George VULTURESCU
Femme seule
Elle regarde les feuilles d'une forêt dans
la tasse de café. La forêt ensorcelée
l'attire, elle lui dévoile des sentiers
dans ses profondeurs. Le frémissement des arbres
est maintenant un tissu de soie qui couvre son corps.
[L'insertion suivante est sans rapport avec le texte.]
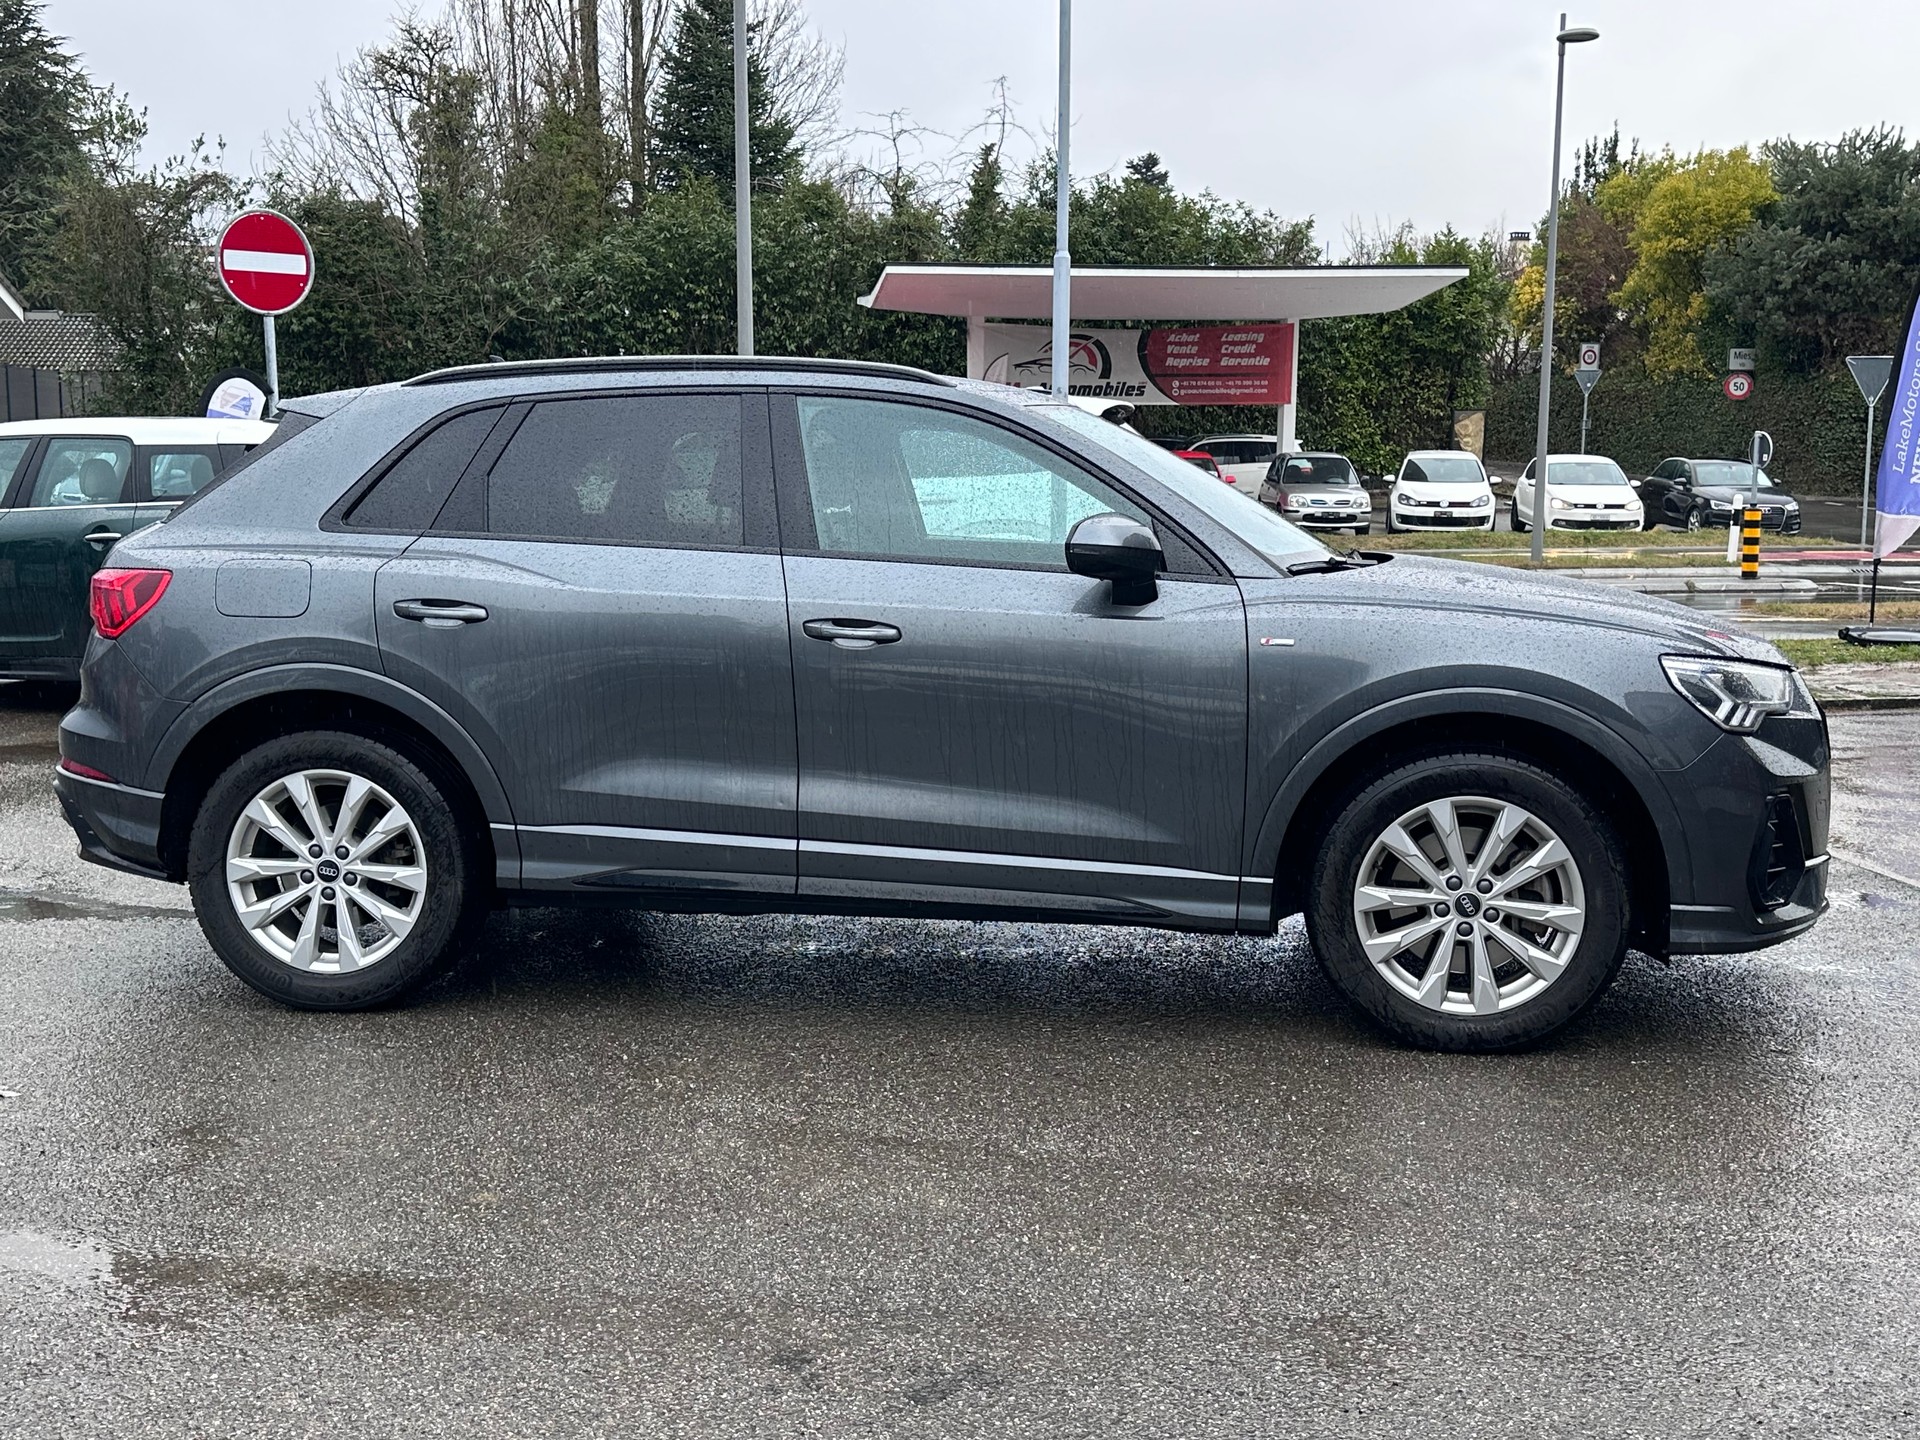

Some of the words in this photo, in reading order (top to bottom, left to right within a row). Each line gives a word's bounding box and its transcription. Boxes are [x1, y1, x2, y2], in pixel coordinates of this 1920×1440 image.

Elle ne sait rien sur la gloire d'être
tellement seuls de sorte que l'on veuille
tout être.
La main tendue vers le verre semble
indiquer une entrée. La soif a fait une brèche
dans l'invisible
Nerfs de taverne avec ange
Une lettre obscure, secondaire
dans le vers à peine fini
apparut devant moi
secouant ma page comme une couche de glace:
„Je veux que tu m'emmènes à la Bibliothèque,
pour que je voie les livres de poèmes...”
Je suis allé à la Bibliothèque et j'ai mis
mes papiers avec le vers commencé sur ma table
habituelle. J'ai feuilleté des pages, je me suis
délecté les yeux de gravures et dechromolithographies,
je suis sorti fumer sur les marches, dans le vent,
j'ai bu un café et je suis rentré dans la salle.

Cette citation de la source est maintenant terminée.